Fruit weight increased significantly up to 37.75 g and 44.13 g in 2006 and 2007, respectively. In 2006, NAA at 20 and 40 mg l-1 , NAD at 40 and 80 mg l-1 and urea at all concentrations and in 2007, NAD at 80 mg l-1 and urea at all concentrations significantly increased fruit weight (Table 2). In both years ethephon reduced fruit weight, but the highest concentration was more effective in decreasing fruit weight (Table 2). Also, fruit volume was affected by these treatments. In compare with the control, NAA at 40 mg l-1, NAD and urea at all concentrations significantly increased fruit volume (Table 2).
In 2006, NAD at 80 mg l-1 and urea at 0.2 and 0.6% and in 2007, urea at 0.2 and 0.6% significantly increased fruit length (Table 3). In both years, Urea at 0.2% significantly increased fruit diameter (Table 3), NAD at all concentrations decreased total acidity and NAA at 40 mg l-1, NAD at 80 mg l-1 and urea at 0.2% significantly increased TSS (Table 4).
Urea at 0.2% had the highest effect on TSS in 2006 and 2007 (Table 3). Thinning treatments also significantly increased TSS to TA ratio. NAD at all concentrations significantly increased this parameter (Table 4). Nut weight was not affected by treatments (Table 5). NAD at all concentrations in 2006 and 2007 and urea at 0.2 and 0.6% in 2007 significantly increased flesh to nut ratio (Table 5).
Hand thinning: Hand thinning affected fruit size of 'Gerdi' cultivar apricot in both aspects of fruit weight and volume (Table 6). Increasing the thinning intensity by adjusting the LFR to 30:1, significantly increased fruit weight (39.02 g) and fruit volume (39.77 cm3). Also, fruit length and diameter were significantly increased (Table 6). Control fruits registered the lowest value for this parameter.
Hand thinning had no significant effect on TA (Table 7), however all of treatments significantly increased TSS (Table 7). In LFR of 20:1 and 30:1, TSS to TA ratio significantly increased (Table 7). All of hand thinning treatments significantly increased nut weight (from 2.36 g for control to 2.62 g for LFR of 30:1) (Table 7). Also, flesh to nut ratio influenced by these treatments.

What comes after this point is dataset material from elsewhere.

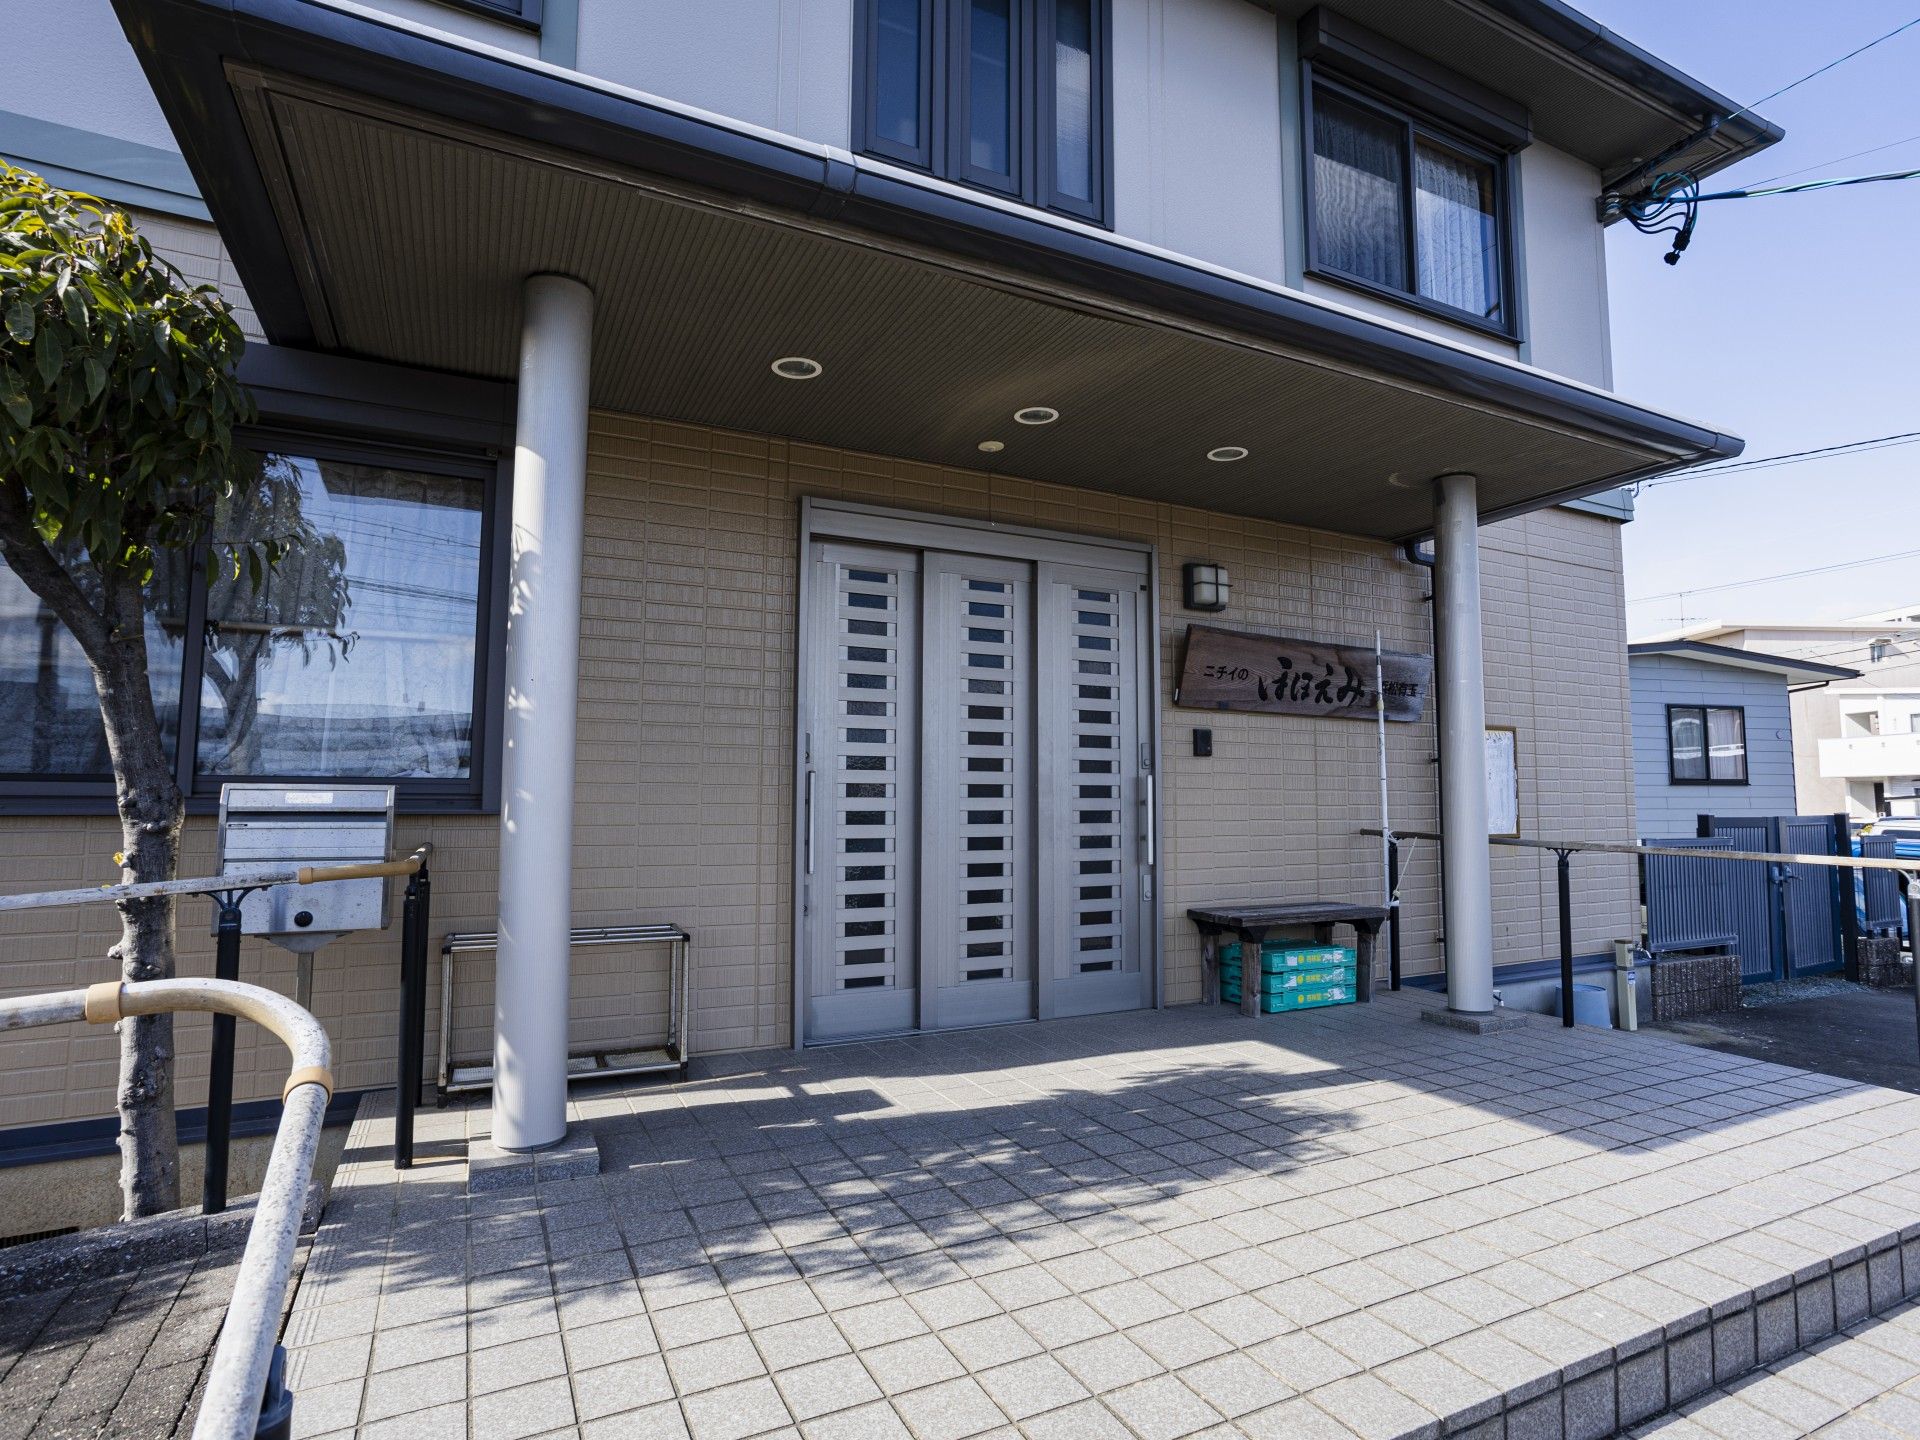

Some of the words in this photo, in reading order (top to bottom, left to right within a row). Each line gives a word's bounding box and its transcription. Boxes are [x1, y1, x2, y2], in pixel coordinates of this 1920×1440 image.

[1203, 665, 1249, 681] ニチイの
[1257, 656, 1365, 707] ほほえみ
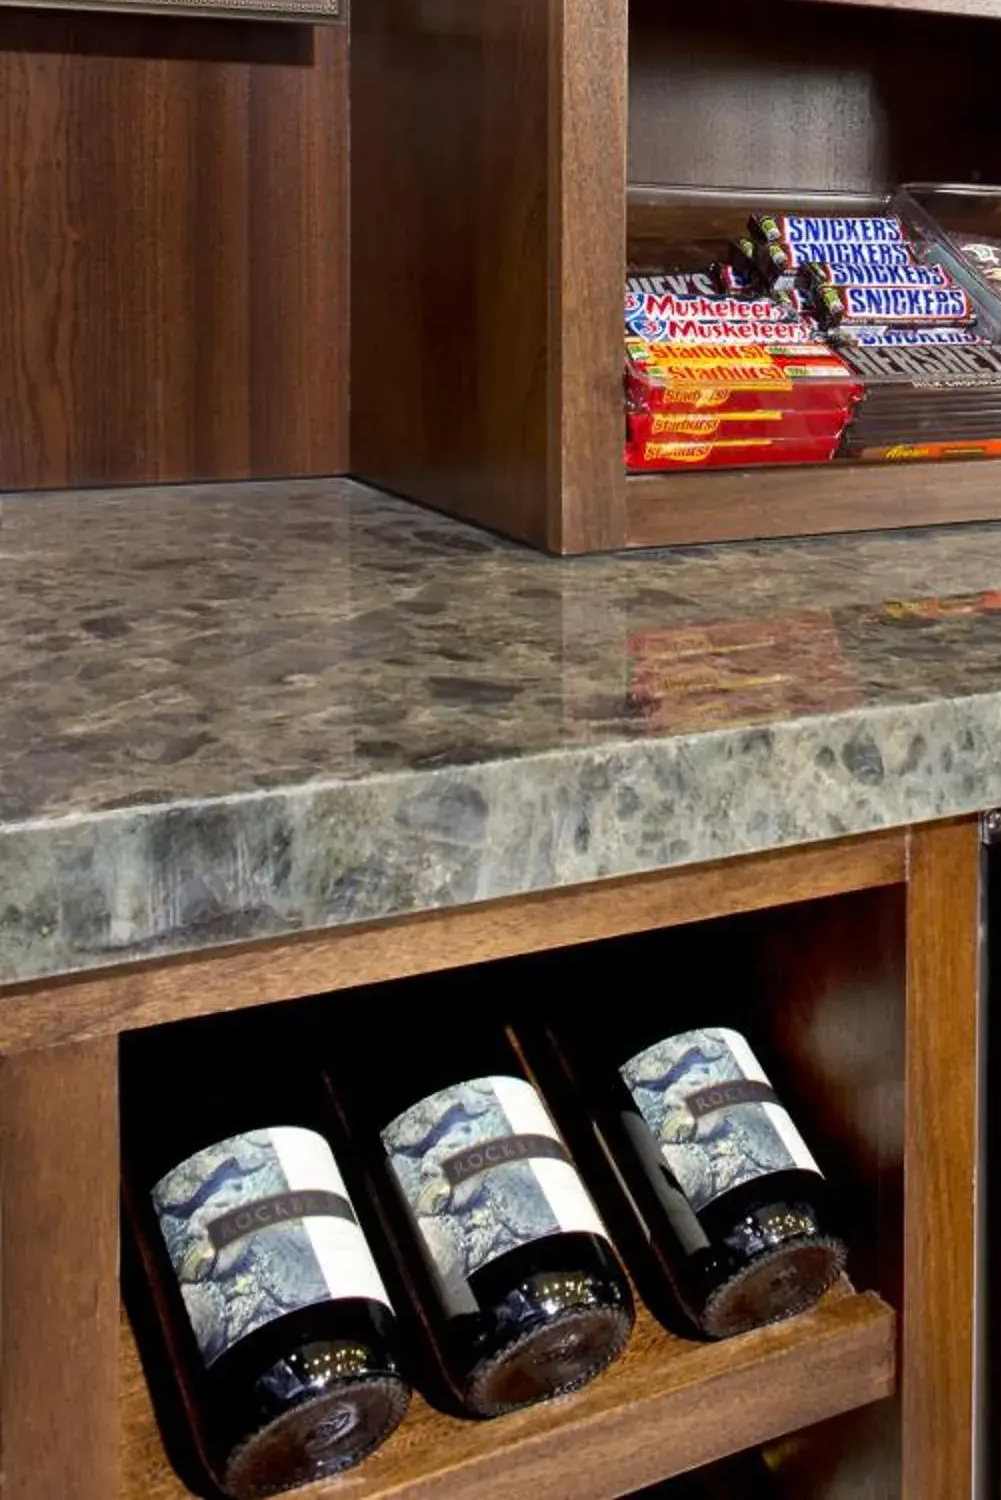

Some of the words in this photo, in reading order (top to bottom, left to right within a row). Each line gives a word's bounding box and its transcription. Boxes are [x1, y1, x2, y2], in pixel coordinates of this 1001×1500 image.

Chemical thinning: In this study NAA and NAD significantly increased fruit drop. This data is in agreement with previous reports showed that application of NAA at 20 mg.l-1 (4 weeks AFB) was a good treatment for fruit thinning of apricot (Surányi, 1986; Bolat and Karlidag, 1999; Son, 2004). Results showed that the difference between NAA and NAD on fruit abscission of 'Gerdi' cultivar was not significant, and this finding is not in agreement with trails conducted in 'Hungary' cultivar (Surányi, 1978), that reported differences in thinning efficiency from application of potassium salt of NAA and NAD for different cultivars of apricot.
NAA application stimulates ethylene production in fruitlet and this increased concentration could induce abscission (Dennis, 2000). Ebert and Bangerth (1982) measured both extractable and diffusible auxin content of apple fruitlets following application of carbamyle, ethephon and NAD and they concluded that reduced auxin transport was the major responsible in thinning that occurred due to these treatments.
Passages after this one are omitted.